Table 2. Vibration data distribution.

https://doi.org/10.1371/journal.pone.0189143.t002

Feature extraction

In this section, the time series vibration data from Section 3 is subjected to statistical analyses. The features obtained, namely, the skewness factor, kurtosis factor, crest factor, shape factor, impulse factor and margin factor, were converted from the corresponding equations in Table 3. The statistical features were subsequently used as features (inputs) for SVM model training and testing purposes. Each statistical feature presented has unique characteristics and reveals informative data regarding system status.

Download:

Table 3. Statistical features.

https://doi.org/10.1371/journal.pone.0189143.t003

Fig 2 shows the data distribution of the skewness factor, kurtosis factor, crest factor, shape factor, impulse factor and margin factor, respectively, for the vibration signals collected from a 7-mil fault diameter with a 1-HP motor load. The dataset was attached as S1 Data File.

Download:

Fig 2.

(a) Skewness factor, (b) kurtosis factor, (c) crest factor, (d) shape factor, (e) impulse factor and (f) margin factor of all bearing conditions.

https://doi.org/10.1371/journal.pone.0189143.g002

Since there was a total of 100 samples for each bearing condition, 50% of the samples were randomly selected as training data to synthesize the machine learning model, while the remaining 50% of the samples were used to validate the trained machine learning model.

The proposed wrapper-based feature selection method

In this study, an improved WFS method was proposed for performing the feature selection task. The proposed WFS method employed the SVM as a classifier in feature selection. The performance of each feature was based on SVM classifier training accuracy after multi-fold cross-validation appraisal [30] in pursuance of model consistency, by minimizing bias and overfitting. The proposed WFS reduced execution time by avoiding repeated computations of identical and undesirable feature combinations. Thus, for every iteration, the proposed WFS method only evaluated unique combinations of features via two approaches. It is observed by ignoring the repetitive assessment of identical feature combinations that occur during the random generation process of feature combinations and undesirable low quality solutions from past recursive simulation. In addition, the proposed WFS method generated next-level feature combinations based on the performance of the previous level. Fig 3 illustrates the methodology of the proposed WFS algorithm. In first-level selection, the algorithm evaluated each individual feature. Then, the algorithm generated the second-level feature combinations by combining unselected individual features with the features that performed at an above-average level (red-outlined rectangle in Fig 3). This process terminated when the feature combination had fully utilized all the features extracted. Finally, the algorithm selected the feature combinations with the least number of features from the highest training accuracy (yellow-filled rectangle in Fig 3) as the most representative features of the entire dataset. In addition to selecting the most representative features of the dataset, the feature selection also reduced the feature dimensionality for machine learning algorithms. As a result, the skewness factor and shape factor (i.e., features A and D) were selected in this example.

Download:

Fig 3.

The proposed feature selection algorithm (features A, B, C, D, E and F represent skewness factor, kurtosis factor, crest factor, shape factor, impulse factor and margin factor, respectively).

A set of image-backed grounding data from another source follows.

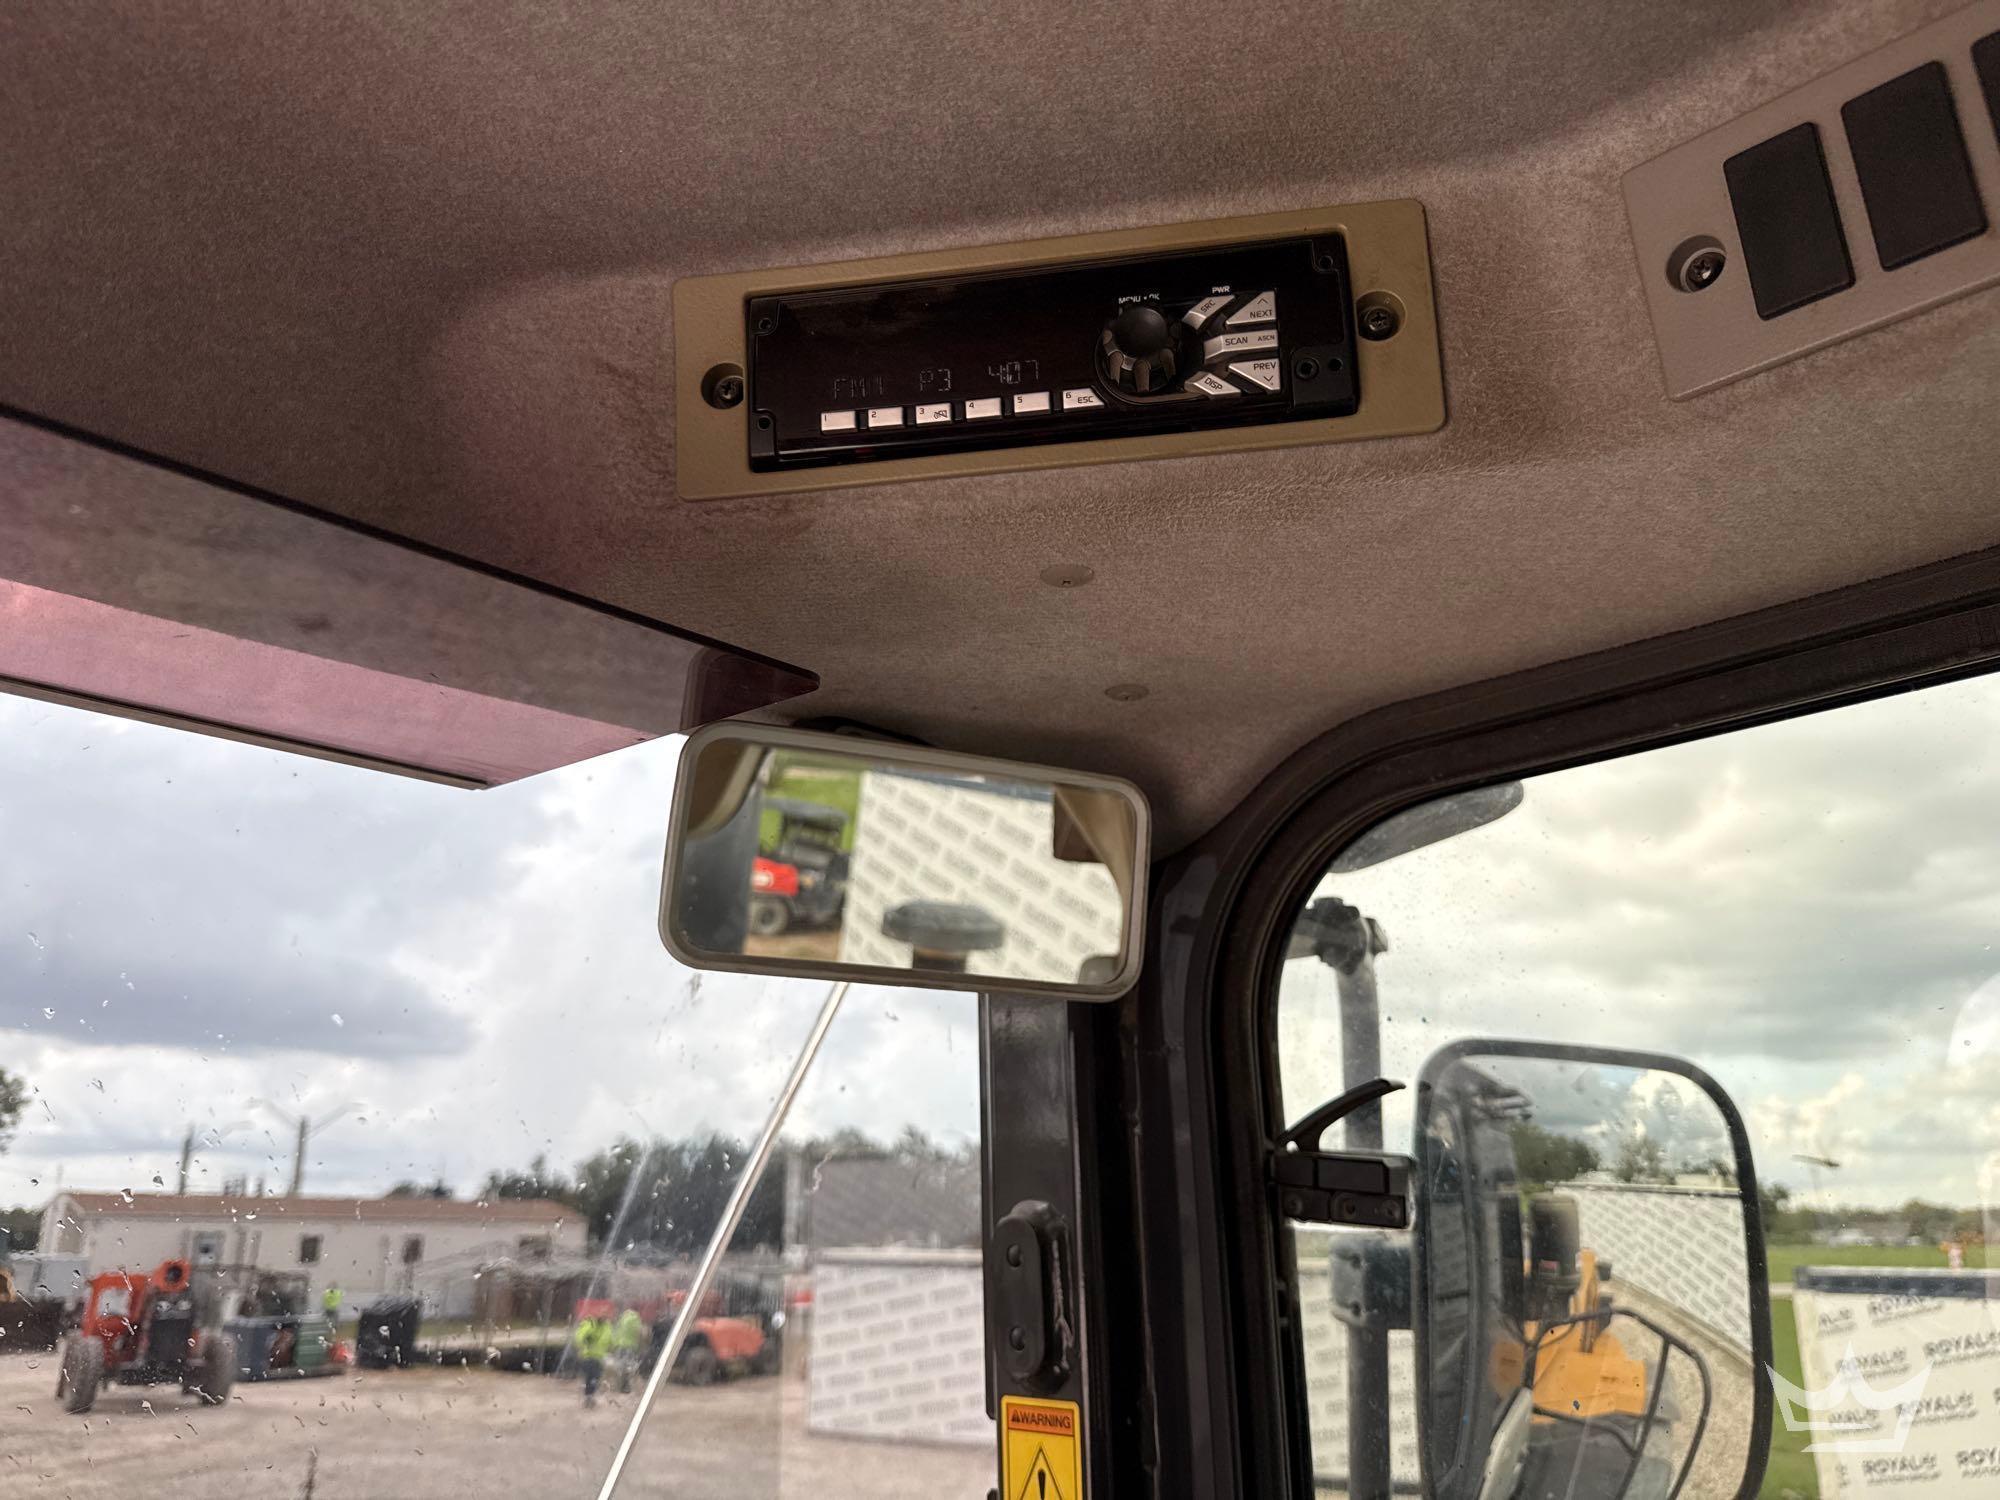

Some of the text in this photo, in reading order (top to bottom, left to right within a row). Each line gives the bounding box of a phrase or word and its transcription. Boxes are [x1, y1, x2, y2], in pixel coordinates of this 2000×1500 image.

[1212, 286, 1230, 294] PWR
[1200, 300, 1216, 313] SRC
[1250, 309, 1273, 318] NEXT
[1225, 336, 1248, 345] SCAN
[1253, 362, 1276, 370] PREV
[919, 368, 951, 391] P3
[1204, 377, 1223, 390] DISP
[1078, 395, 1094, 403] ESC
[919, 407, 924, 415] 3
[1020, 1411, 1072, 1428] WARNING
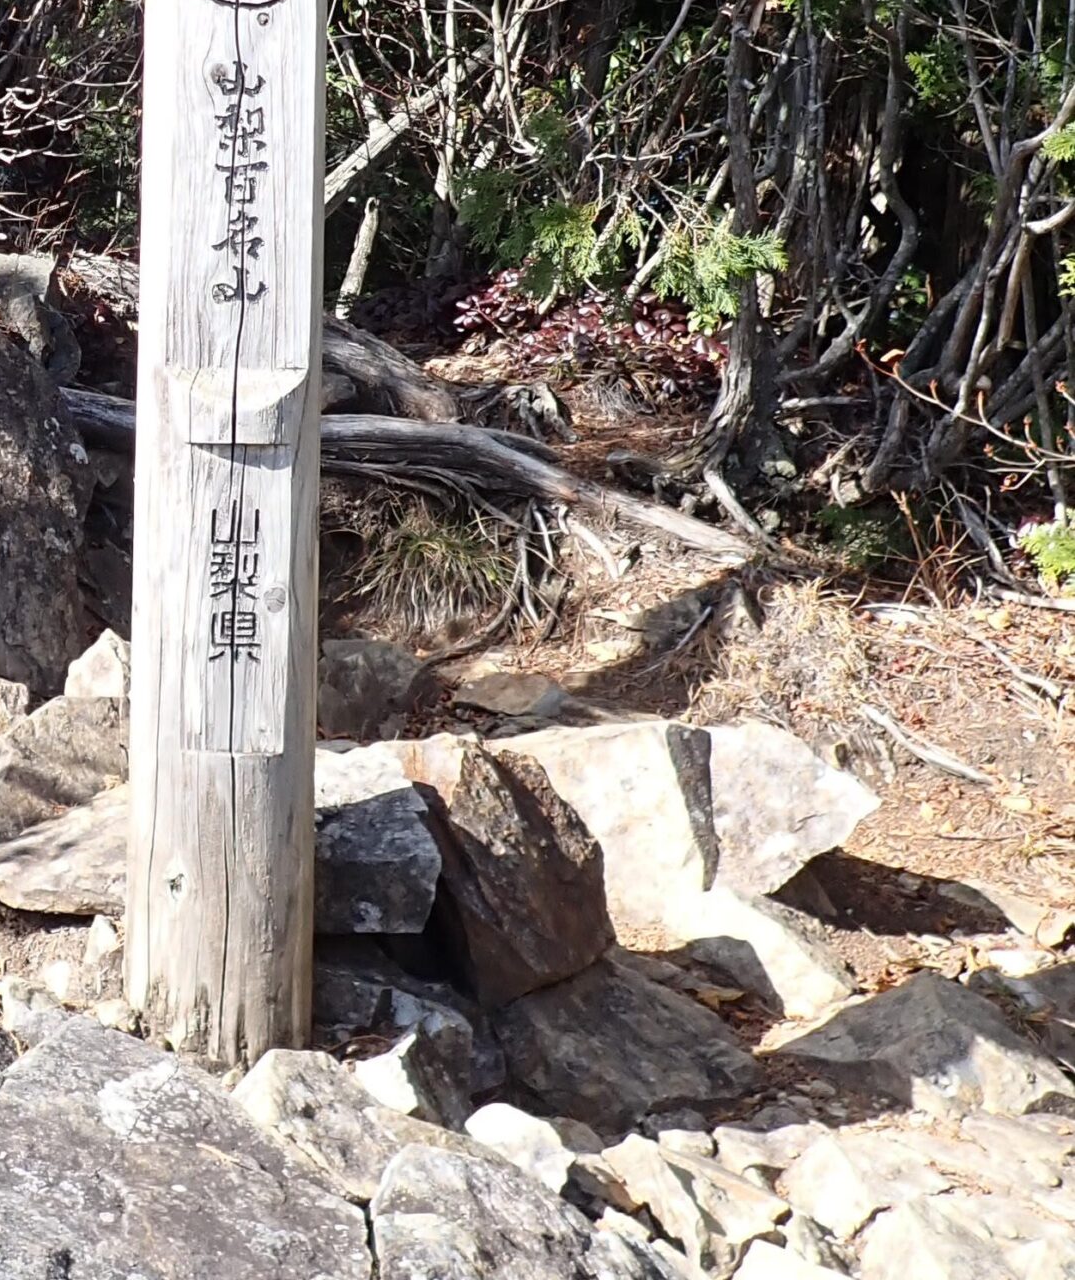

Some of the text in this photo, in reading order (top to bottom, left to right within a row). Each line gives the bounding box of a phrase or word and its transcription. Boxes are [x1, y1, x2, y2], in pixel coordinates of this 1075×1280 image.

[212, 60, 269, 302] 山梨百名山
[208, 499, 261, 662] 山梨県

https://doi.org/10.1371/journal.pone.0189143.g003

Results and discussion

Table 4 shows the training accuracy of the key combinations of features at each level. The yellow-shaded feature combinations are those with the best training accuracy at each level, and the blue-shaded training accuracy cell designates the best training accuracy in the table. As a result, features A and D (skewness and shape factor) were selected to represent the entire bearing conditions dataset. The training accuracy in Table 4 indicates that entering all the extracted features into the machine learning algorithm does not guarantee the highest classification accuracy, as the training accuracy for the selected features (i.e., features A and D) was 81%, and the training accuracy for all the features extracted was 74%. In contrast, the testing accuracy of the bearing faults dataset was 83% for the selected features and 76% for all the features extracted. A representative feature combination for the entire dataset was therefore selected using the proposed WFS algorithm.

Download:

Table 4. Training accuracy for the key combination of features (features A, B, C, D, E and F represent skewness factor, kurtosis factor, crest factor, shape factor, impulse factor and margin factor, respectively).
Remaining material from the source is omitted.